Segment Start: Records
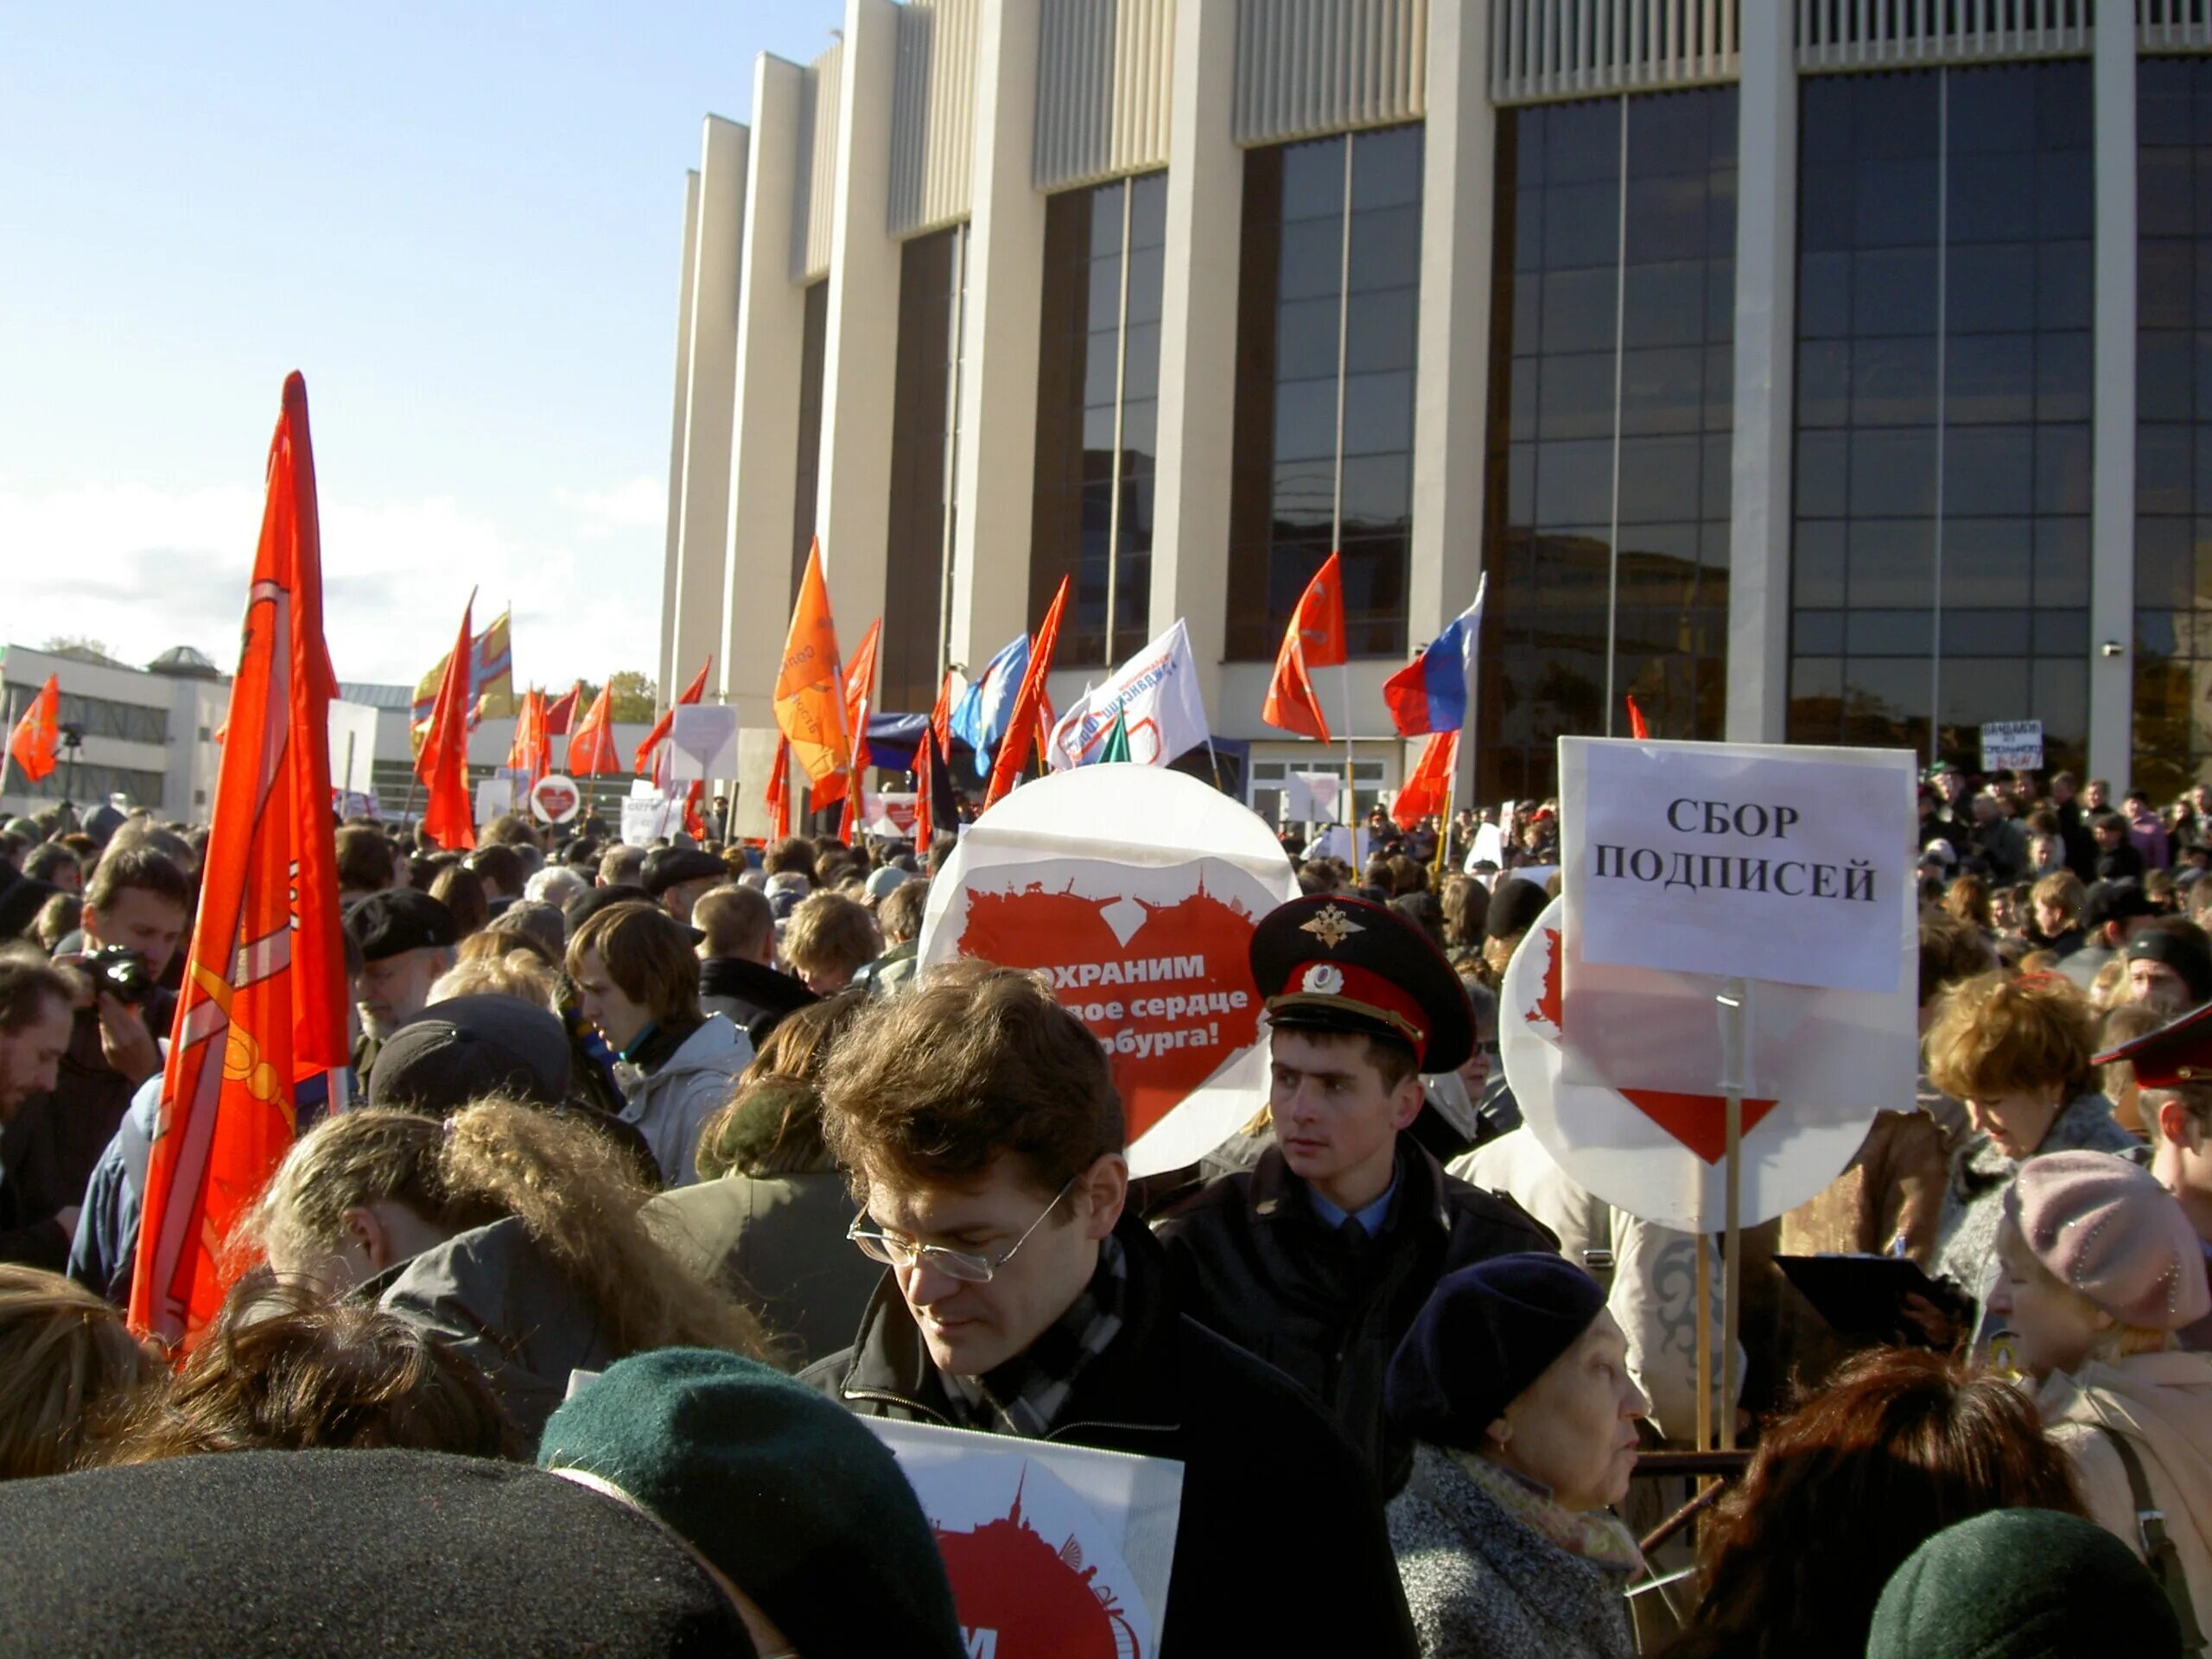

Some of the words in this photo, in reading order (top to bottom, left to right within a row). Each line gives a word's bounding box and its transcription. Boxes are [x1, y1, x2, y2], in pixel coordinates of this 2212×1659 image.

[1667, 798, 1799, 839] СБОР
[1594, 843, 1878, 902] ПОДПИСЕЙ
[1036, 954, 1205, 989] ОХРАНИМ
[1065, 1001, 1124, 1021] вое
[1130, 990, 1249, 1020] сердце
[1098, 1021, 1219, 1058] рбурга!
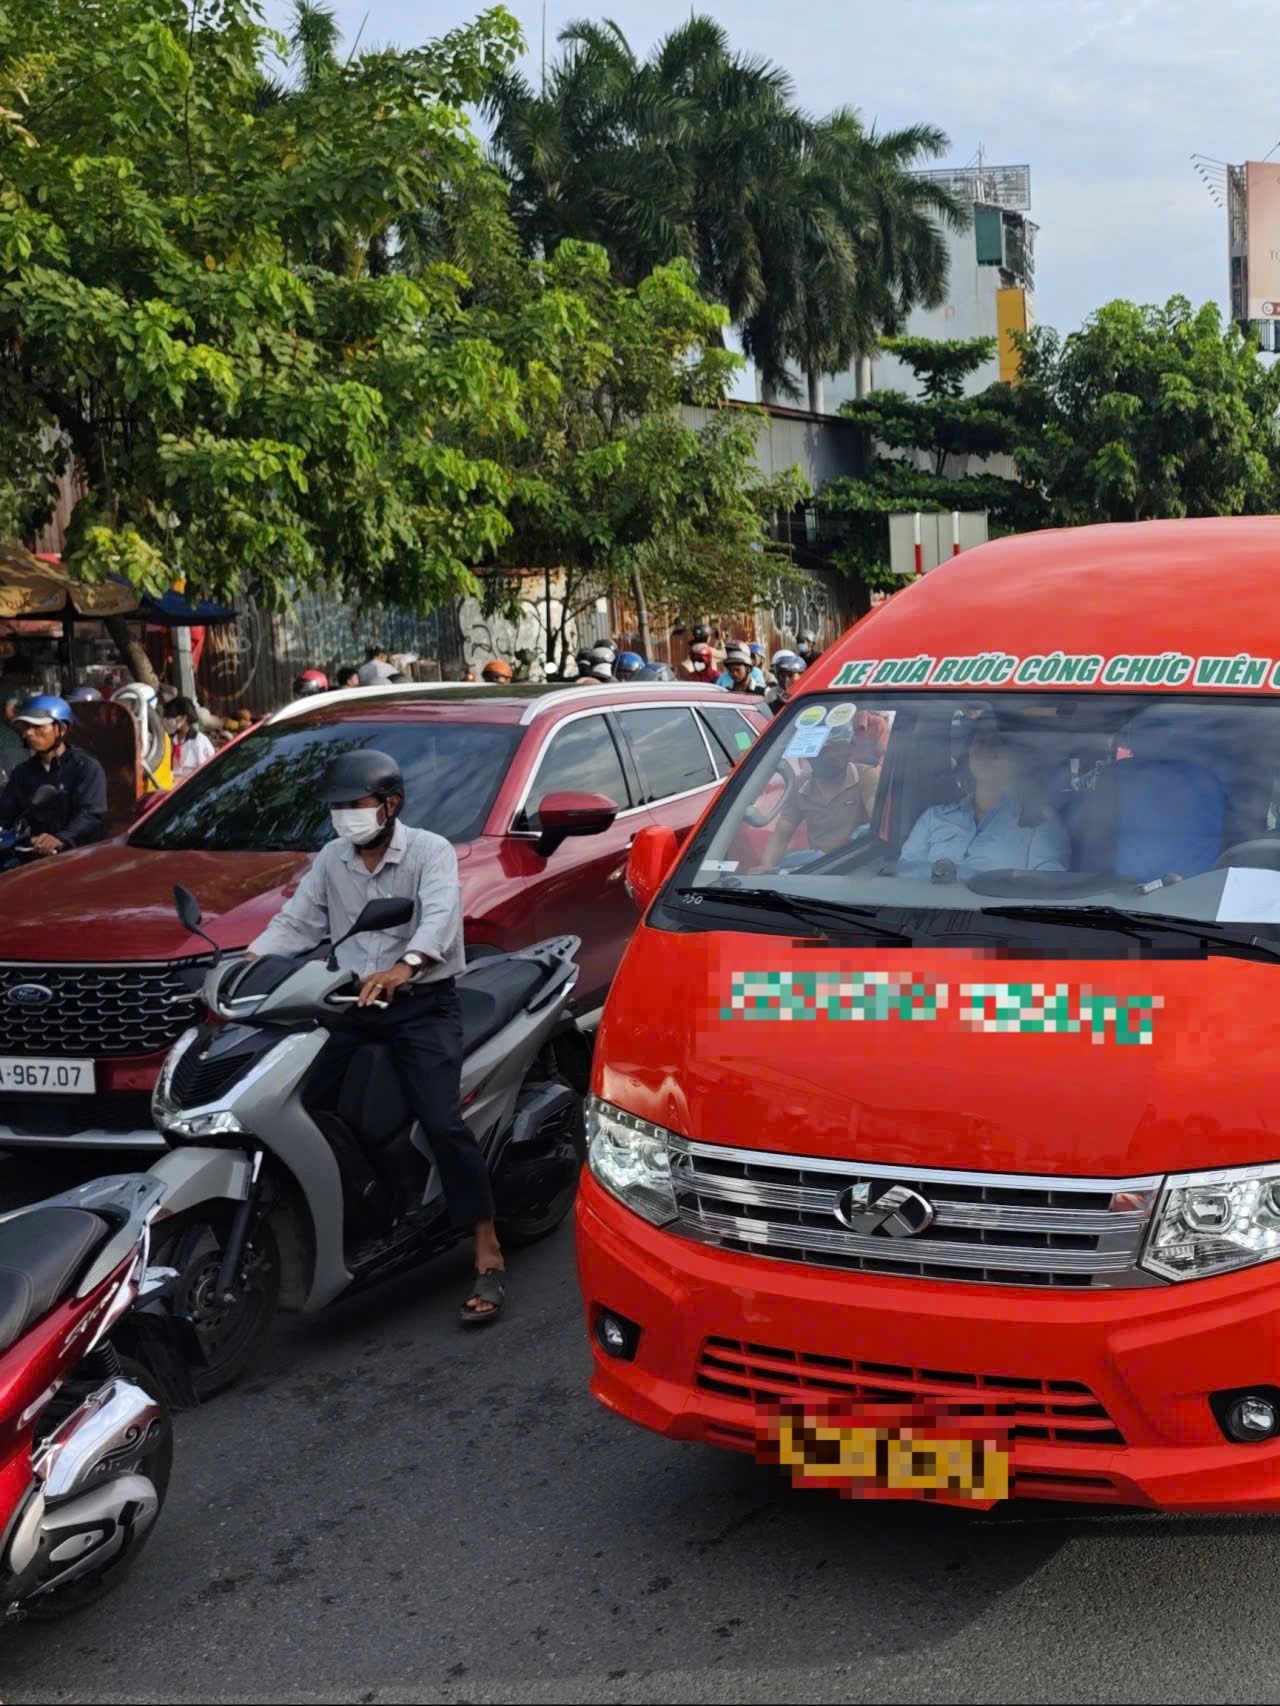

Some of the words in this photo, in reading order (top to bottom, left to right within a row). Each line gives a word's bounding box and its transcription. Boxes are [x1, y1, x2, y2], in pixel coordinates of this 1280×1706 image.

[834, 661, 873, 686] XE
[870, 655, 932, 685] ĐƯA
[932, 652, 1016, 683] RƯỚC
[1017, 653, 1103, 683] CÔNG
[1105, 653, 1191, 684] CHỨC
[1196, 655, 1267, 685] VIÊN
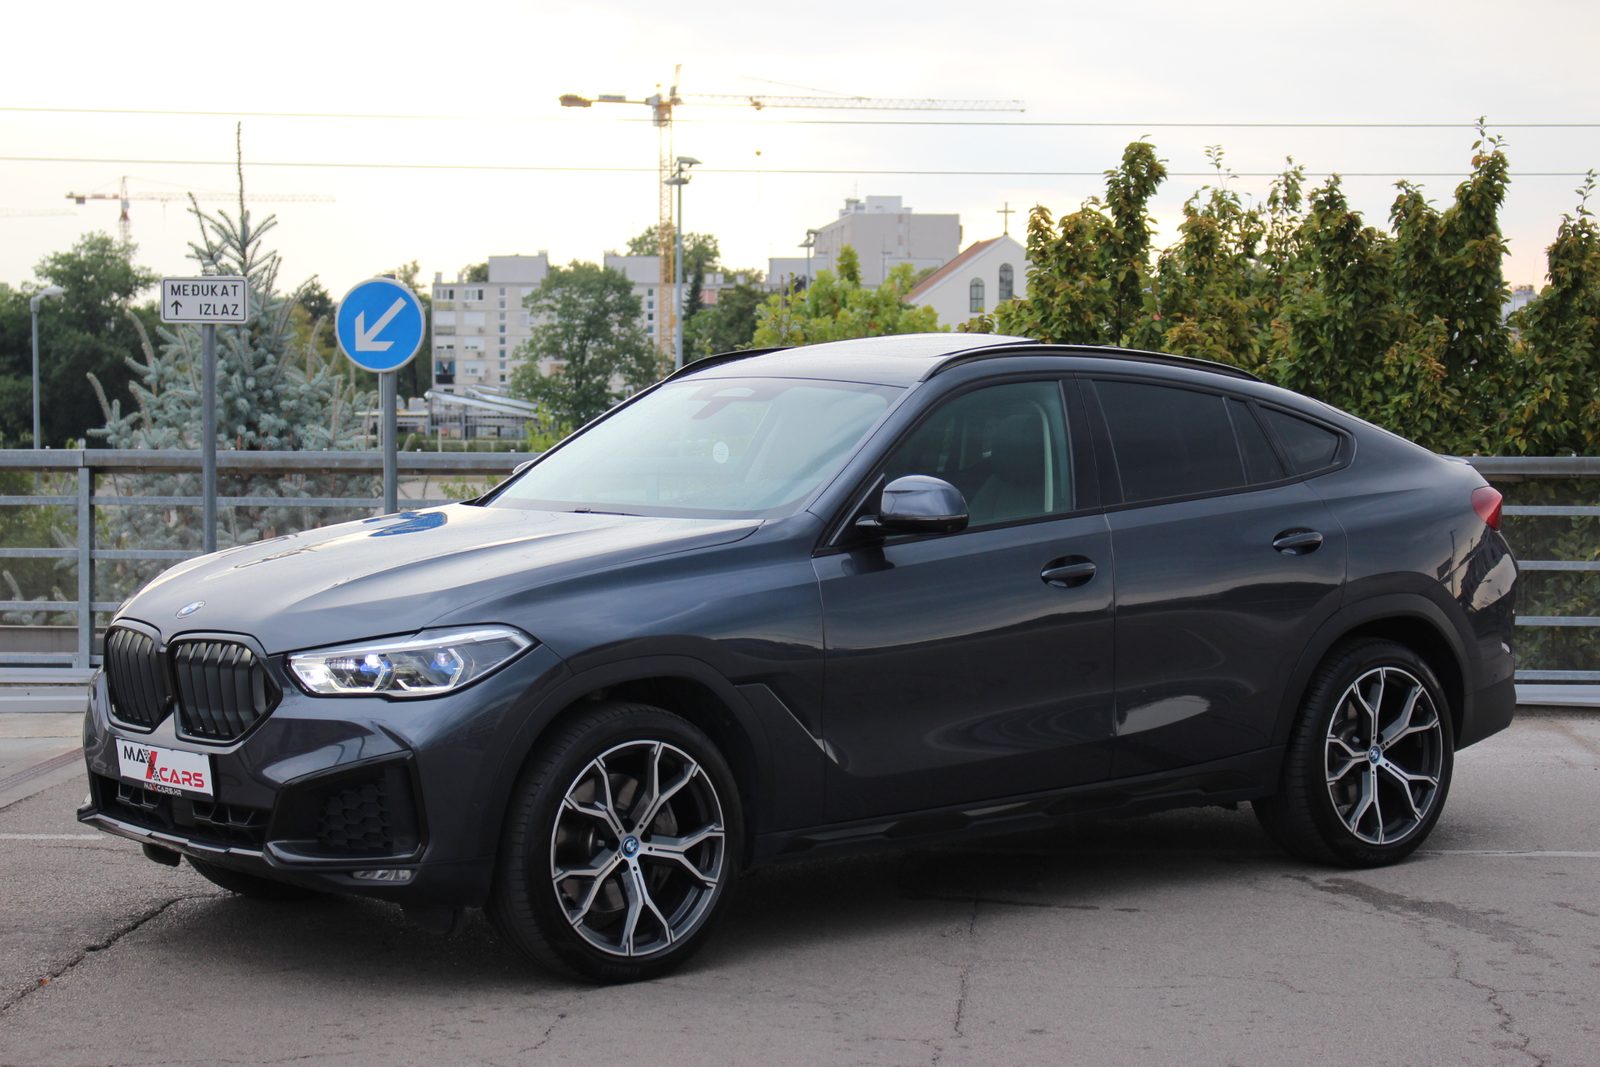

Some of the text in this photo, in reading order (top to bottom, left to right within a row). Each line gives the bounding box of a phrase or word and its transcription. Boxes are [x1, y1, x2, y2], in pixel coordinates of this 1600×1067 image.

[170, 284, 239, 297] MEĐUKAT
[199, 303, 239, 316] IZLAZ
[159, 766, 204, 788] CARS
Segment End: Records
What is needed is an exact copy of the lines from the one containing "Some of the text" through the final line of the data, both included, and nothing more.

Some of the text in this photo, in reading order (top to bottom, left to right within a row). Each line gives the bounding box of a phrase or word and its transcription. Boxes are [x1, y1, x2, y2], in pixel coordinates of this 1600×1067 image.

[170, 284, 239, 297] MEĐUKAT
[199, 303, 239, 316] IZLAZ
[159, 766, 204, 788] CARS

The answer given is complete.